Perhaps the closest thing to a general law of parenting is that warm, supportive, nurturant, and accepting behavior by mothers and fathers is associated with the development of social competence by adolescents…This behavior communicates that adolescents are valued, fosters close ties, and communicates the parents’ confidence in the adolelescent’s abilities (p. 40-41).

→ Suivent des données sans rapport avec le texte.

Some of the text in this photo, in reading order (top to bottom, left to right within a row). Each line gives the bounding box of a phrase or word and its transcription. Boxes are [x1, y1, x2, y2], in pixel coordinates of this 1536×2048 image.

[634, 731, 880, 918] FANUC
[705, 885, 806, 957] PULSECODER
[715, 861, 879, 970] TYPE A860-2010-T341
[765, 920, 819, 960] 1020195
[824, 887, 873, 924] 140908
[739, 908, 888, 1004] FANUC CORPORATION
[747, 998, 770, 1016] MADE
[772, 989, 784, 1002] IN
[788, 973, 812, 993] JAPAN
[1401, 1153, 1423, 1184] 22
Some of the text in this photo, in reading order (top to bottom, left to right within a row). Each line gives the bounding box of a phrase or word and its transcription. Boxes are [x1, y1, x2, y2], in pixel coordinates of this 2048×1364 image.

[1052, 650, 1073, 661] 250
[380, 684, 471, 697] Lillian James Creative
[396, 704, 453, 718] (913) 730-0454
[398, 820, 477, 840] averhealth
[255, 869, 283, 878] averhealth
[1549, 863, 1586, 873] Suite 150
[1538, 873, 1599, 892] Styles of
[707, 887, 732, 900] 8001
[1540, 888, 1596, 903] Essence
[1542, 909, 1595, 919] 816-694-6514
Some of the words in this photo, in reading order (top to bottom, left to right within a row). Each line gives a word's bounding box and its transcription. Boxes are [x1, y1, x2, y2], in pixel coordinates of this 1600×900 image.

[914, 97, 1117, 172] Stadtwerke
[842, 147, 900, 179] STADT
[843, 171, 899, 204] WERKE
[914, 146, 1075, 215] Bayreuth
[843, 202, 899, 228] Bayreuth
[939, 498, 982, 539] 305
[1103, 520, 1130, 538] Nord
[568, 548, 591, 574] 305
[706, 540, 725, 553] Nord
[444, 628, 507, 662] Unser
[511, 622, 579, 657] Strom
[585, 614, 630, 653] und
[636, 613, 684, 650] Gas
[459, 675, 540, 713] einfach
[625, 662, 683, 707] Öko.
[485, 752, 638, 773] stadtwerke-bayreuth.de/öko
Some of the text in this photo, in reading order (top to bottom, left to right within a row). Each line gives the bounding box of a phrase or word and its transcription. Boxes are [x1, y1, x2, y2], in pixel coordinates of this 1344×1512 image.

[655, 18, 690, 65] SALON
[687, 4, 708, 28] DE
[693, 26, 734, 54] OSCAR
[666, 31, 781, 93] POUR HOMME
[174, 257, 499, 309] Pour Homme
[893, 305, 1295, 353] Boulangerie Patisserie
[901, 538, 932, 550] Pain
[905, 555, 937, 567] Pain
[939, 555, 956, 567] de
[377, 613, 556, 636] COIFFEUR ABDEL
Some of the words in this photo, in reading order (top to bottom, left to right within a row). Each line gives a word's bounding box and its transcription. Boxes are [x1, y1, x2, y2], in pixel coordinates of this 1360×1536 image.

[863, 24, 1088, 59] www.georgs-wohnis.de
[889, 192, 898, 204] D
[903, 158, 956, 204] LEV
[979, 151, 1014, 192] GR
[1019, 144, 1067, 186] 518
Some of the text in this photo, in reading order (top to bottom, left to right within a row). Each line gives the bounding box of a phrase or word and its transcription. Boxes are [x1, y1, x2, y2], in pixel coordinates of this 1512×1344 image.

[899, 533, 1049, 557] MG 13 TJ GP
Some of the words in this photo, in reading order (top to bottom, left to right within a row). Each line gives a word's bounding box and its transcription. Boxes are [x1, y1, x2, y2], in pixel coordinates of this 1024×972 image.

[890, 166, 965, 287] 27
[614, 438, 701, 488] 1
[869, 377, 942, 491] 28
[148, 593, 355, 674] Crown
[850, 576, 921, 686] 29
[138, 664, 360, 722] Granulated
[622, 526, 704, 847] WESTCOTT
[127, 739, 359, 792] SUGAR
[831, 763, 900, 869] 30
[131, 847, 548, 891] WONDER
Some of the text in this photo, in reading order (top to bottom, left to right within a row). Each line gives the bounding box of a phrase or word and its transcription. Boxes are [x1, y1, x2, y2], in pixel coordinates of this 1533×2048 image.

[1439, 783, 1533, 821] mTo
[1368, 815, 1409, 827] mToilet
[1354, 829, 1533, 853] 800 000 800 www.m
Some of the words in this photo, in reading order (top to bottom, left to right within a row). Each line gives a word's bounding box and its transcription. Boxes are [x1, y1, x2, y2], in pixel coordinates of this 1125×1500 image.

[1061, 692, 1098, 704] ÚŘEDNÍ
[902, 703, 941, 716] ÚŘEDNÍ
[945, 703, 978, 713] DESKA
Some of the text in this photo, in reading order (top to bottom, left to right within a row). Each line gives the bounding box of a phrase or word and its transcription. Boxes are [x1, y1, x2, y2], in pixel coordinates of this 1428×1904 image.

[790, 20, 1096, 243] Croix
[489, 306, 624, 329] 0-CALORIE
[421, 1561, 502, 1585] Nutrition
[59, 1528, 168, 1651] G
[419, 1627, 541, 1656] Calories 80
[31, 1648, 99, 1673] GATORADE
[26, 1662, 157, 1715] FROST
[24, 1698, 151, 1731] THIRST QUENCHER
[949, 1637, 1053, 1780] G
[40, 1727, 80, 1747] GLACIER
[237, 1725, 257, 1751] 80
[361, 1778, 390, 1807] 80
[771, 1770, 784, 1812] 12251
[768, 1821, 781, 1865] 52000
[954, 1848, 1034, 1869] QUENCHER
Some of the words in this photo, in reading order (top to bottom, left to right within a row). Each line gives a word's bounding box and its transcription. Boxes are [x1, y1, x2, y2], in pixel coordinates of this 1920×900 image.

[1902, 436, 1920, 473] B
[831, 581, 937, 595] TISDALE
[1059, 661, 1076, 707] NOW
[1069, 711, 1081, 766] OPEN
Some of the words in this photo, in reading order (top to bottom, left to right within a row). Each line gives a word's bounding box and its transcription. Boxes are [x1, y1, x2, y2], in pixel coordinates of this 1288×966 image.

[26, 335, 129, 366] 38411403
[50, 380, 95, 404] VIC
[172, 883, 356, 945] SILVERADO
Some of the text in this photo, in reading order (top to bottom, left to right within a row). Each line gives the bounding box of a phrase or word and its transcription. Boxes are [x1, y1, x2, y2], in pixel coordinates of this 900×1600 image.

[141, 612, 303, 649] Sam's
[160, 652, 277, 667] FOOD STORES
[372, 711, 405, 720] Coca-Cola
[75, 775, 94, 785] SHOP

Nous parlons d’influence indirecte dans la mesure où, selon nos constats, cette ouverture pourrait encourager le jeune à remettre en question ses opinions « controversées » ou les confronter avec celles des personnes de son entourage qui lui inspirent confiance. Ces inférences s’appuient sur les idées suivantes de Canard (2010) : « C’est à travers les réponses que ses parents, mais aussi que son environnement ou la société vont apporter à ses conduites et ses actions que l’adolescent va apprendre progressivement ses limites et va établir son propre système de valeurs sociales » (p. 117). Cette ouverture peut provenir de toute personne (e.g un voisin, un enseignant) qui soutien le jeune dans sa quête identitaire. Dans la même perspective, Cloutier (1996) souligne que le soutien des personnes significatives permet à l’adolescent de développer une pensée autonome et d’acquérir de nouvelles capacités telles celles de formuler des hypothèses, d’établir ses propres stratégies. Selon Adams et al. (2002), l’ouverture à la communication favorise un sentiment de responsabilité chez le jeune, élimine tout sentiment de culpabilité, de honte en rapport à ses explorations identitaires; l’auteur ajoute qu’en l’absence de ce support, les jeunes seraient plus influençables par les pairs.

Qu’en est-il justement de l’influence des pairs? Disons d’abord qu’elle peut s’expliquer par le besoin de reconnaissance et d’appartenance à un groupe qui est fondamental pour l’adolescent (Canard, 2010; Pereira, Canavarr, Cardoso & Mendonça, 2005). L’attention

positive du groupe de pairs est une ressource importante dans la quête identitaire du jeune. Selon Loignon (1996), la présence et la disponibilité d’un interlocuteur privilégié avec lequel parler de sexualité et l’attitude de l’environnement familial par rapport aux questions de sexualité sont des facteurs susceptibles d’influencer les comportements contraceptifs des adolescents.

Dans nos résultats, nous avons observé qu’en général, les participants fréquentent des amis partageant des valeurs semblables aux leurs. Ils savent aussi identifier les comportements des jeunes en matière de sexualité sans pour autant leur porter un jugement. Certains vont jusqu’à mentionner avoir des échanges ouverts et dégagés de toute gêne sur la sexualité avec leurs amis; ce type d’échanges semble être plus le fait des filles que des garçons. En ce qui concerne l’influence des pairs, Antonishak, Sutfin et Reppuci (2005) font remarquer : « Although peers can provide supportive contexts for positive social skills and outcomes, they can also be a risk factor for some problem behaviors. The type and context of the relationship and status within any peer relational context contribute unique influences to adolescent development » (p. 64); le cas des jeunes qui fréquentent des pairs qui pensent que l’utilisation du condom peut causer des infections vaginales, qu’il ne revient pas aux filles de proposer le condom au partenaire peut être considéré comme un exemple.